Ameloblastoma remains a rare tumor constituting 15% of oral neoplasms. In sub-Saharan Africa, many of the workers have presented data indicating that ameloblastoma accounts for the greater proportion of odontogenic tumors. [14],[15],[16] Using the classification of Barnes et al., [3] ameloblastoma made up 74.6% of odontogenic tumors seen at this center. It is possible that better index of suspicion and improved facilities for diagnosis will complement the use of this new classification to enhance odontogenic tumor diagnosis in our region.

In general, ameloblastoma can present at any age, though most are seen within the 3 rd and 5 th decades of life. [4] In this study, the age range was 14-70 years, with the majority in the 3 rd to 5 th decade. Waldron and El-Mofty, [7] reported that 83% of cases of ameloblastoma occur in the mandible, of these, 61% are seen in the molar/ramus area. Our finding that 86.5% of 68 cases occurred in the mandible while the rest (13.5%) were in the maxilla was similar to that of Waldron and El-Mofty. [7] Cases of peripheral ameloblastoma are rare in this environment possibly due to low index of suspicion.
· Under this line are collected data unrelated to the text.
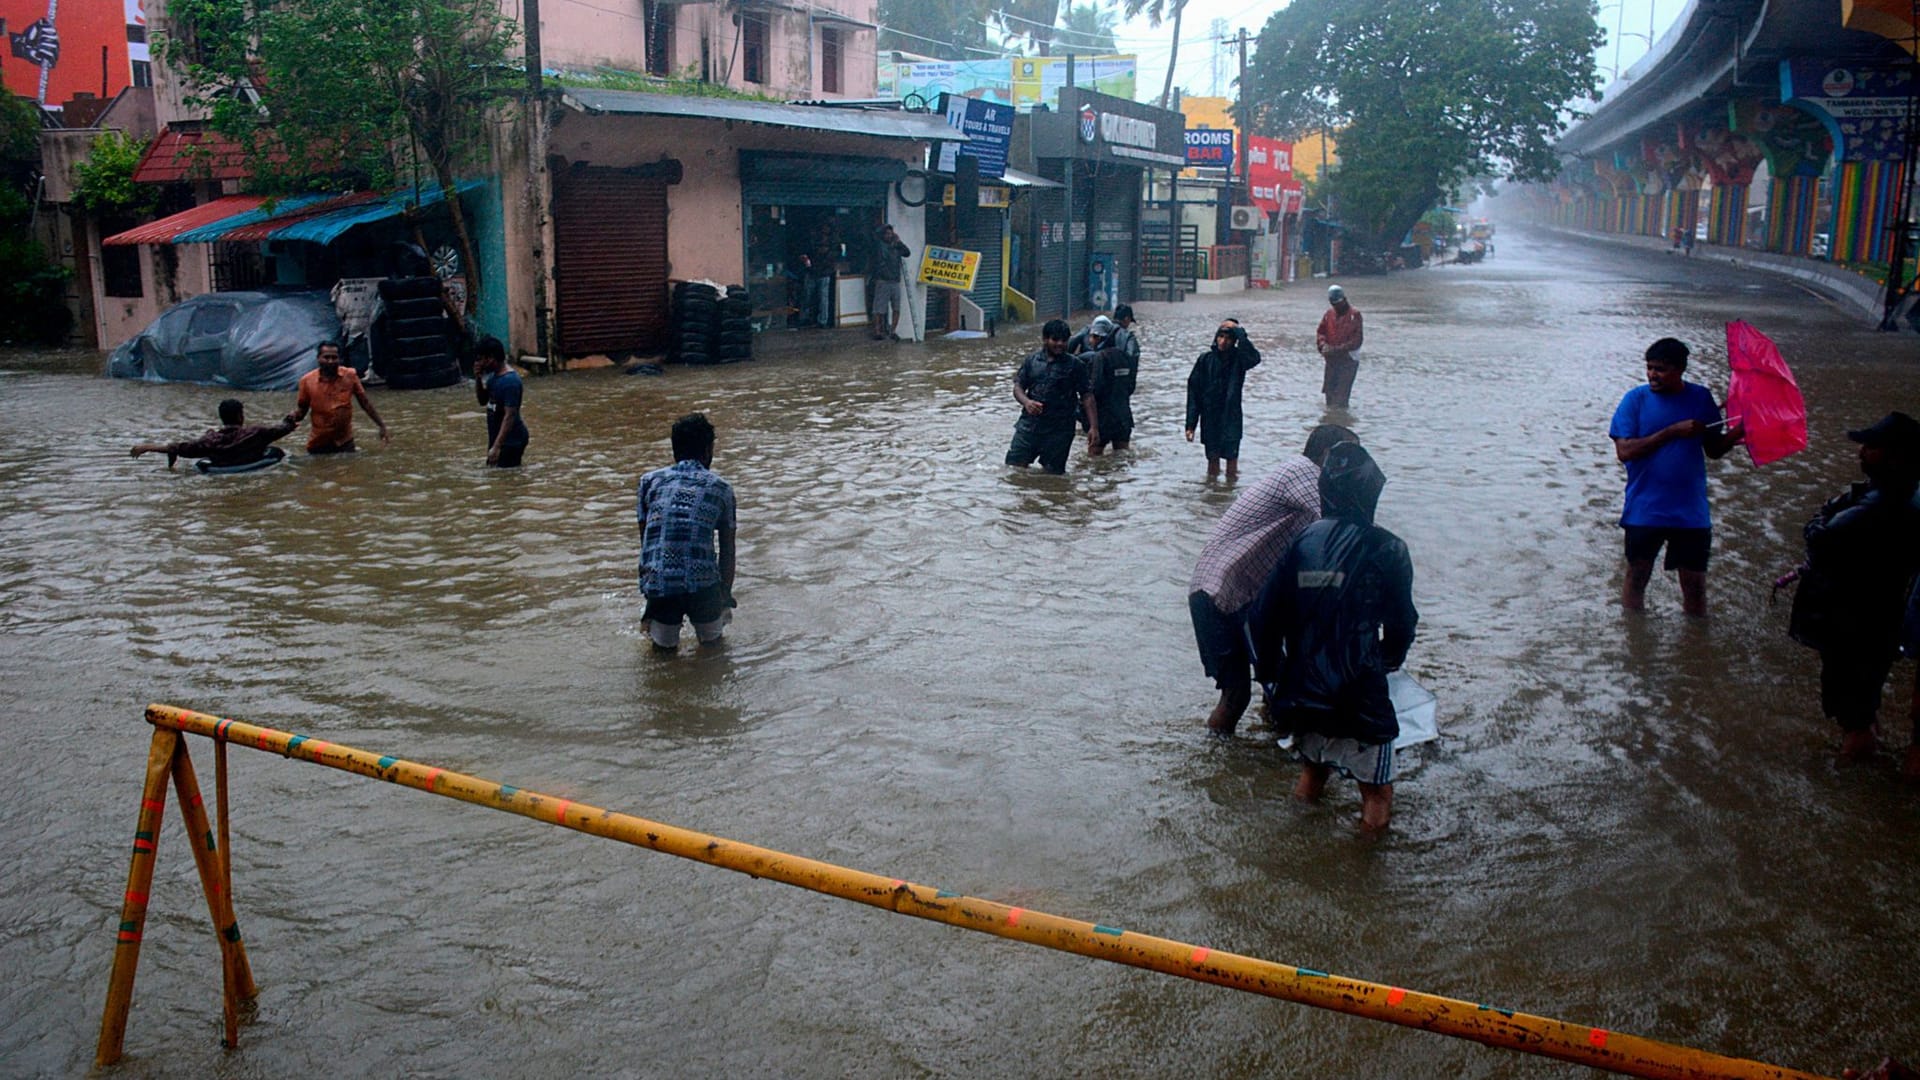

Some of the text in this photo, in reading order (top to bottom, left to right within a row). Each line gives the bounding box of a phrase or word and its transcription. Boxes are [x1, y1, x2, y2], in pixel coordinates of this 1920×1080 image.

[984, 108, 997, 121] AR
[964, 120, 983, 131] TOURS
[988, 124, 1011, 135] TRAVELS
[1184, 132, 1231, 145] ROOMS
[1187, 146, 1222, 159] BAR
[932, 261, 967, 272] MONEY
[924, 267, 970, 281] CHANGER
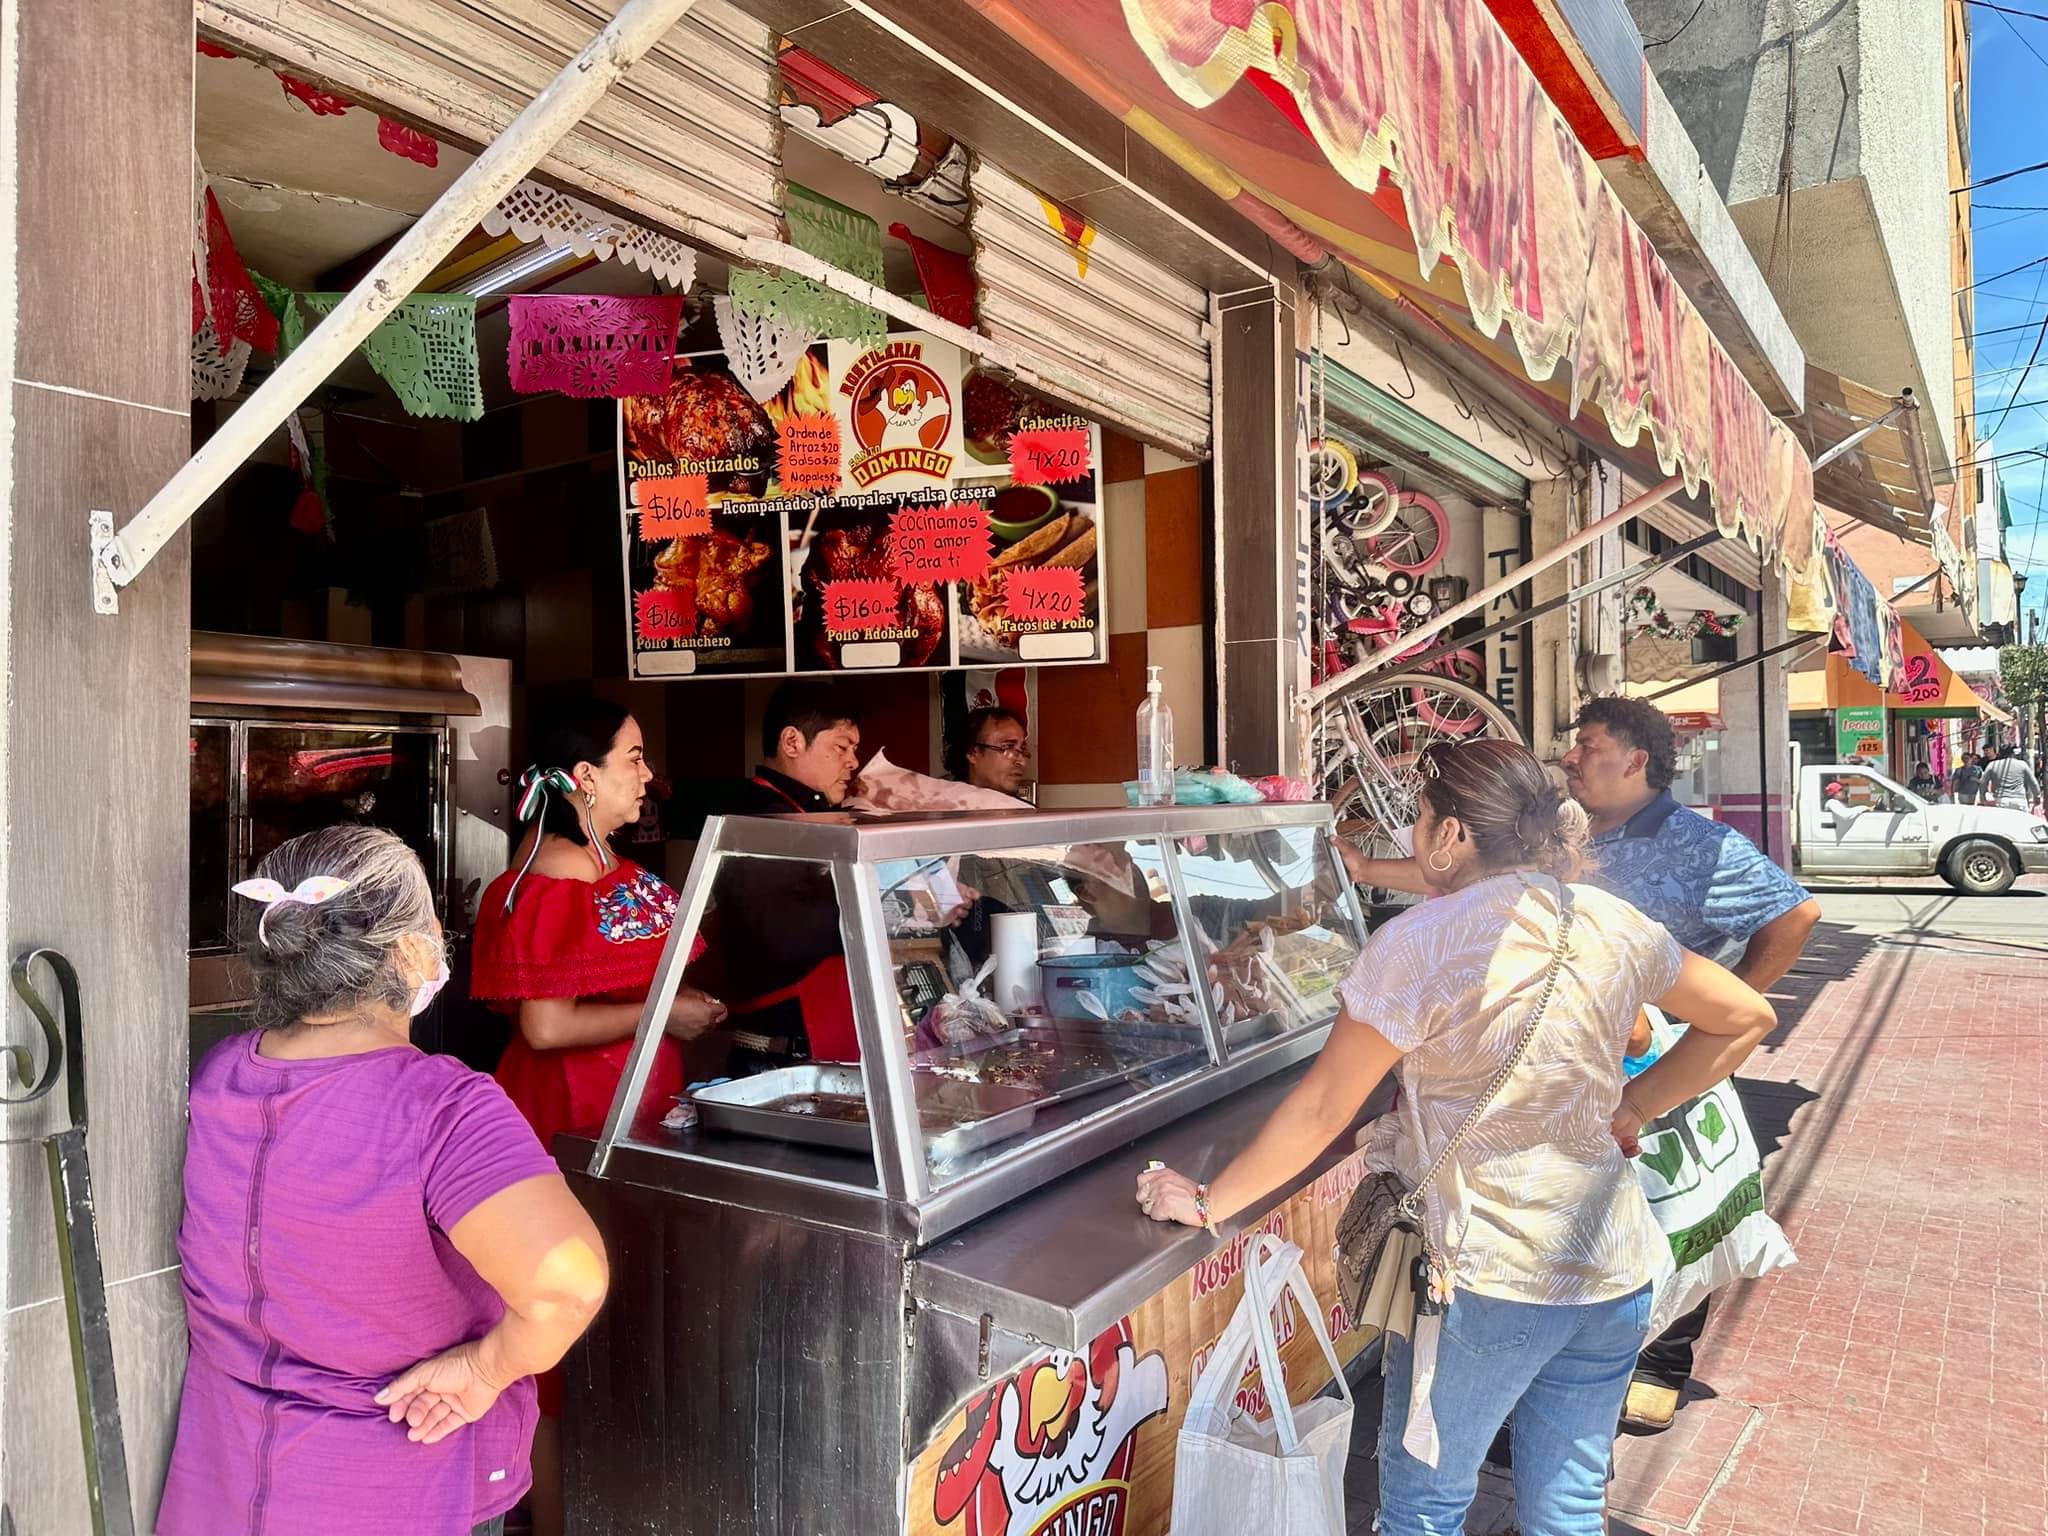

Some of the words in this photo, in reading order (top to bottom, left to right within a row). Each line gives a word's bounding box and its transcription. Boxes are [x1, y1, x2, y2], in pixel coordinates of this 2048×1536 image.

[1020, 413, 1088, 430] Cabecitas
[848, 445, 880, 467] SANTO
[628, 460, 673, 478] Pollos
[679, 456, 760, 474] Rostizados
[853, 451, 949, 485] DOMINGO
[722, 498, 815, 516] Acompañados
[820, 497, 835, 509] de
[841, 494, 893, 511] nopales
[899, 494, 906, 506] y
[911, 489, 945, 503] salsa
[951, 486, 995, 501] casera
[1295, 348, 1311, 657] TALLER
[934, 536, 971, 548] amor
[899, 551, 941, 570] Para
[948, 552, 960, 567] ti
[828, 629, 859, 641] Pollo
[864, 626, 919, 640] Adobado
[1001, 620, 1038, 632] Tacos
[1042, 619, 1057, 630] de
[1062, 617, 1094, 630] Pollo
[672, 635, 731, 649] Ranchero
[1912, 688, 1940, 702] 200
[1191, 1211, 1284, 1302] Rostido
A rare case of recurrent ameloblastoma in soft tissue was reported from another center in Northern Nigeria following earlier treatment at this study center. [4] In general, the sex distribution of ameloblastoma is almost equal according to Eckardt et al. [6] Among 47 patients they reported a female to male ratio of 1.1:1. In our study, we observed a female to male ratio of 1:1.3. Chukwuneke et al. [13] got 1.6:1 female to male ratio in Southeast Nigeria.

Generally, ameloblastoma presents as painless slow growing mass without significant functional impairment in the early stages of its development. According to Kahairi et al., [2] it took about 2 years before their patient developed symptoms such as significant facial asymmetry, malocclusion and difficulty in chewing. This could explain why some patients give a very short history of the tumor meanwhile at surgery the tumor would be very extensive as shown in [Table 5]. In our clinical experience one patient presented late as the presence of jaw swelling [Figure 2] was been used for financial gain through begging. This may reflect the pervasive poverty in this part of Nigeria. The use of health for improper financial gain should be frowned at by the Nigerian society and eliminated through social education. Female patients present late in our environment because some of them use veil to mask the presence of the tumor as in [Figure 3].
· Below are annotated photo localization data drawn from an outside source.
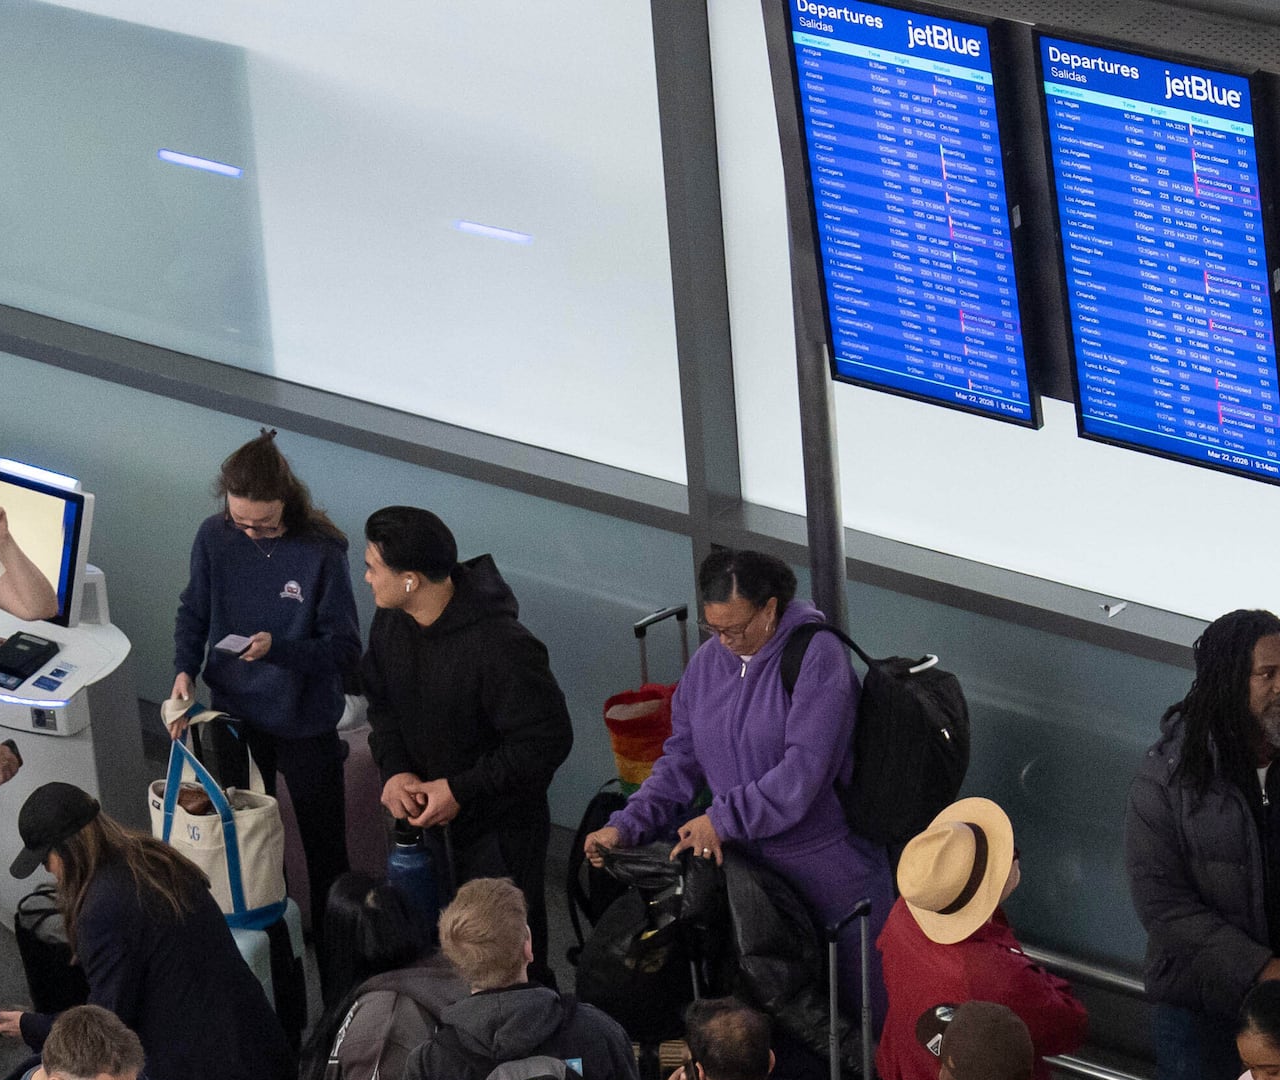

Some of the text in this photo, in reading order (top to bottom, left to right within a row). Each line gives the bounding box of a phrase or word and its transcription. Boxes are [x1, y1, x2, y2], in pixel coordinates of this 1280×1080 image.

[796, 0, 882, 28] Departures
[798, 15, 834, 33] Salidas
[908, 21, 979, 56] jetBlue
[1049, 47, 1138, 78] Departures
[1049, 65, 1087, 83] Salidas
[1166, 71, 1240, 107] jetBlue
[954, 391, 967, 401] Mar
[1206, 449, 1221, 460] Mar
The main histological types of ameloblastoma are follicular and plexiform with subtypes as acanthomatous, spindle cell, granular cell, basal cell and desmoplastic. [7],[8],[9],[10] As shown in [Table 3], follicular ameloblastoma (n = 13) was the most common, the relevance is somewhat diminished by the non-specificity of 51.47% of histopathologic diagnosis of ameloblastoma. Our center relies on general pathologists for histopathology due to paucity of oral pathologists in our environment.

Although the optimal surgical approach remains controversial, it remains the favored treatment modality in our center. Conservative surgical options include enucleation, curettage, cryotherapy, electrocautery, marsupialization, or any combination of the above while radical treatment involves various forms of resection. According to Philip et al., [10] resection involves segmental or rim resection of the mandible or maxilla. [10] In this study, enucleation (8.8%) was the only conservative modality utilized. Various forms of resection were performed for the rest as shown in [Table 5]. Treatment form was selected based on the extent of the lesion and available facilities in our environment as previously reported by Olaitan et al.; [5] Adebayo et al. [15] Our treatment protocol is supported by Kahairi et al., [2] who state that while unicystic ameloblastomas do well after conservative measures like curettage and enucleation treatment, solid/multicystic forms are treated radically by resection.

Surgical approach to the tumor was such as to give good exposure for complete tumor removal with low prospect of post-operative morbidity. In our center, for mandibular lesions, lip splitting alone or in combination with Risdon incision was done for 32% of patients. Derderian et al., [17] have advocated combining Risdon with an intra-oral incision claiming it gives less post-operative morbidity and better cosmetic outcome. Shirani et al. [18] in a series of seven patients introduced a new technique of removal of large ameloblastoma with immediate reconstruction by using only an intra-oral incision. The stated advantages were tumor removal and repositioning of the mandible intra-orally, removal of the lesion and reconstruction procedure to be done simultaneously. Facial scar and damage to the marginal mandibular nerve that innervate the lips are also avoided. Our center used the technique of Shirani et al., [18] 16.2% of the treated patients. However, it was observed that tissue torquing and bleeding with more edema accompanied the technique.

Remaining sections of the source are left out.